Here, a credibility region is based on the (marginal) posterior variance.
The 68% credibility region, for example, is the area between $\boldsymbol{\mu}_{\mathrm{posterior}} - \sqrt{\mathbf{K}^d_{\mathrm{posterior}}}$ and $\boldsymbol{\mu}_{\mathrm{posterior}} + \sqrt{\mathbf{K}^d_{\mathrm{posterior}}}$, where $\mathbf{K}^d_{\mathrm{posterior}}$ is a vector with the diagonal elements of $\mathbf{K}_{\mathrm{posterior}}$.
What is the connection between the credibility regions and the samples you drew previously?

### (f)

Now, consider the setting where the measurements are corrupted with noise, $y_i = f(\mathbf{x}_i) + \varepsilon$, $\varepsilon \sim \mathcal{N}(0, \sigma^2)$.
Use $\sigma^2 = 0.1$ and repeat (c)-(e) with this modification of the model.
What is the difference in comparison to the previous plot?
What is the interpretation?

### (g)

Explore what happens with another length scale $\ell$.

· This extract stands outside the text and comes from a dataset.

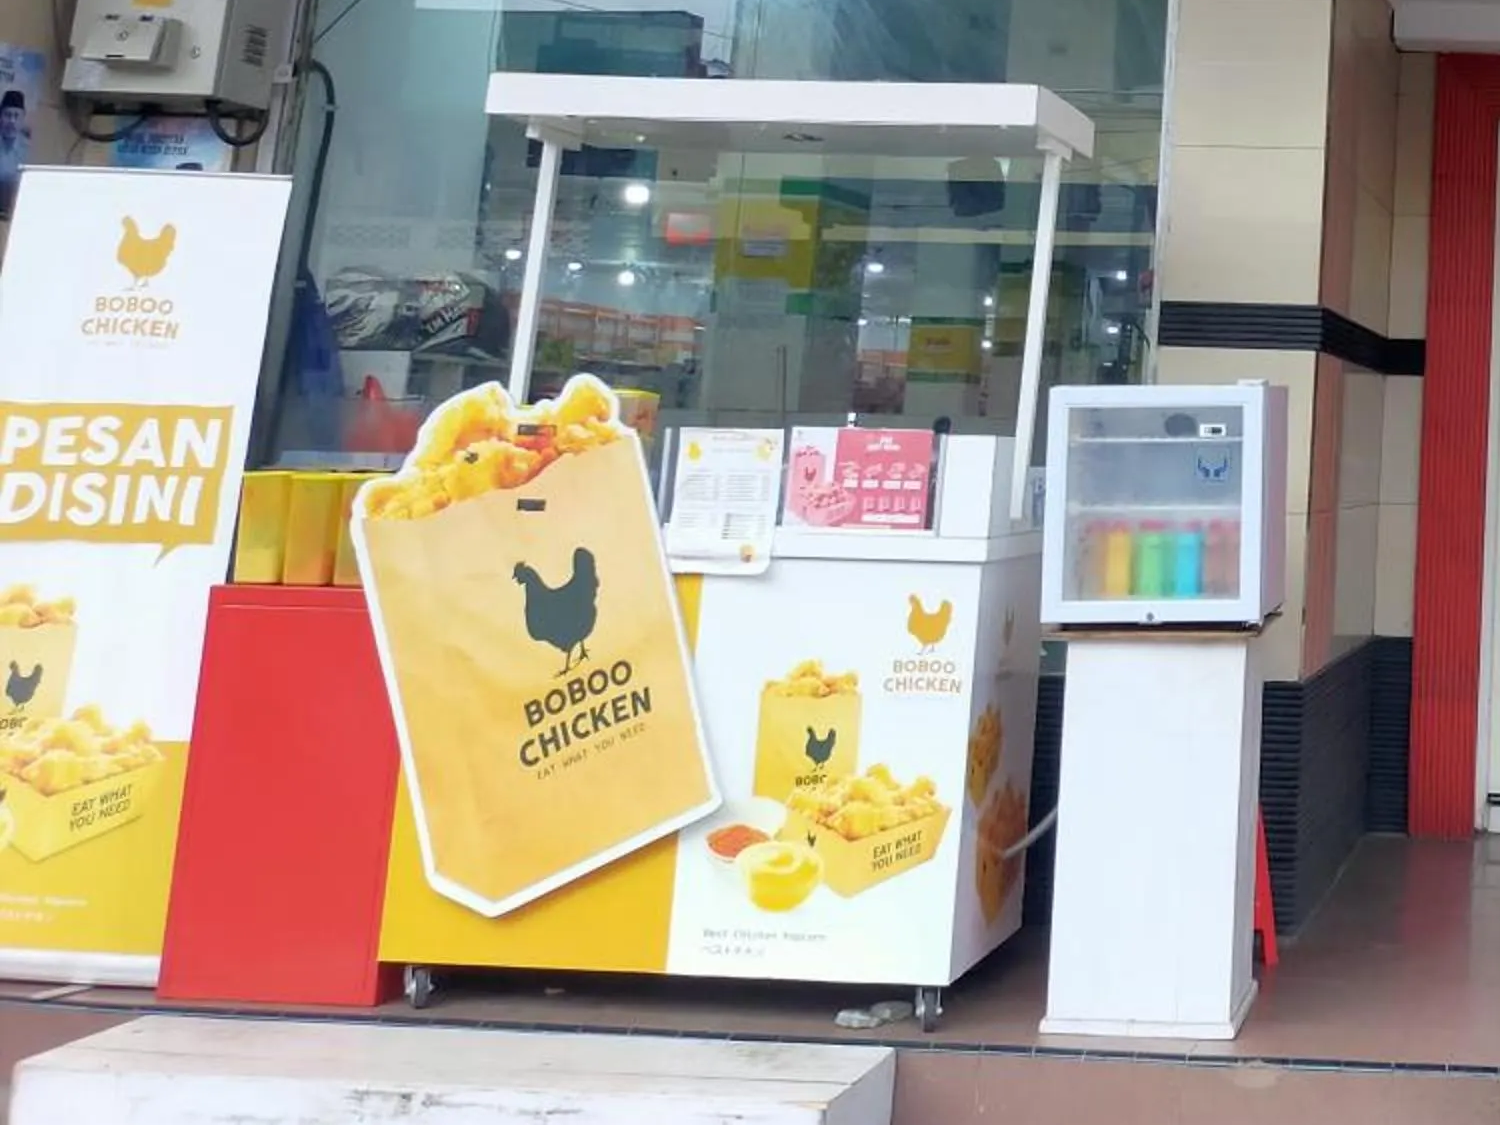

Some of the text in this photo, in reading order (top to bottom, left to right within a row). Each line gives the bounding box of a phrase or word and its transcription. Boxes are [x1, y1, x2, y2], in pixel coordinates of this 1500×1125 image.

## Exercise 8.3: Other covariance functions/kernels

The squared exponential kernel/covariance function gives samples which are smooth and infinitely continuously differentiable.
Other kernels make other assumptions.
Now try the previous problems using the exponential kernel,

$$
\kappa(x, x') = \sigma^2_f \exp{\bigg(-\frac{1}{l} \|x - x' \|\bigg)},
$$

and the Matérn kernel with parameter $\nu = 3/2$,

$$
\kappa(x, x') = \sigma^2_f \bigg(1 + \frac{\sqrt{3}}{l} \|x - x' \|\bigg) \exp{\bigg(-\frac{\sqrt{3}}{l} \|x - x' \|\bigg)}.
$$

## Exercise 8.4: GP posterior II

Repeat Exercise 8.2 using `GaussianProcessRegressor` from `sklearn.gaussian_process`, only plotting the credibility regions based on the posterior predictive variance (not drawing samples).

Some useful hints:

- As all supervised machine learning methods in `sklearn`, you first have to construct an object from the model class (in this case `GaussianProcessRegressor`), and thereafter train it on data by using its member function `fit()`.
  To obtain predictions, use the member function `predict()`.
  To the latter, you will either have to pass `return_std=True` or `return_cov=True` in order to obtain information about the posterior predictive variance.
- When you construct the model, you have to define a kernel.
  The kernels are available in `sklearn.gaussian_process.kernel`, where the squared exponential/RBF kernel is available as `RBF`.
- The function `fit()` automatically optimizes the hyperparameters.
  To turn that feature off, you have to pass the argument `optimizer=None` to `GaussianProcessRegressor`.
- To include the measurement noise, you can formulate it as part of the kernel by using the kernel `WhiteKernel`.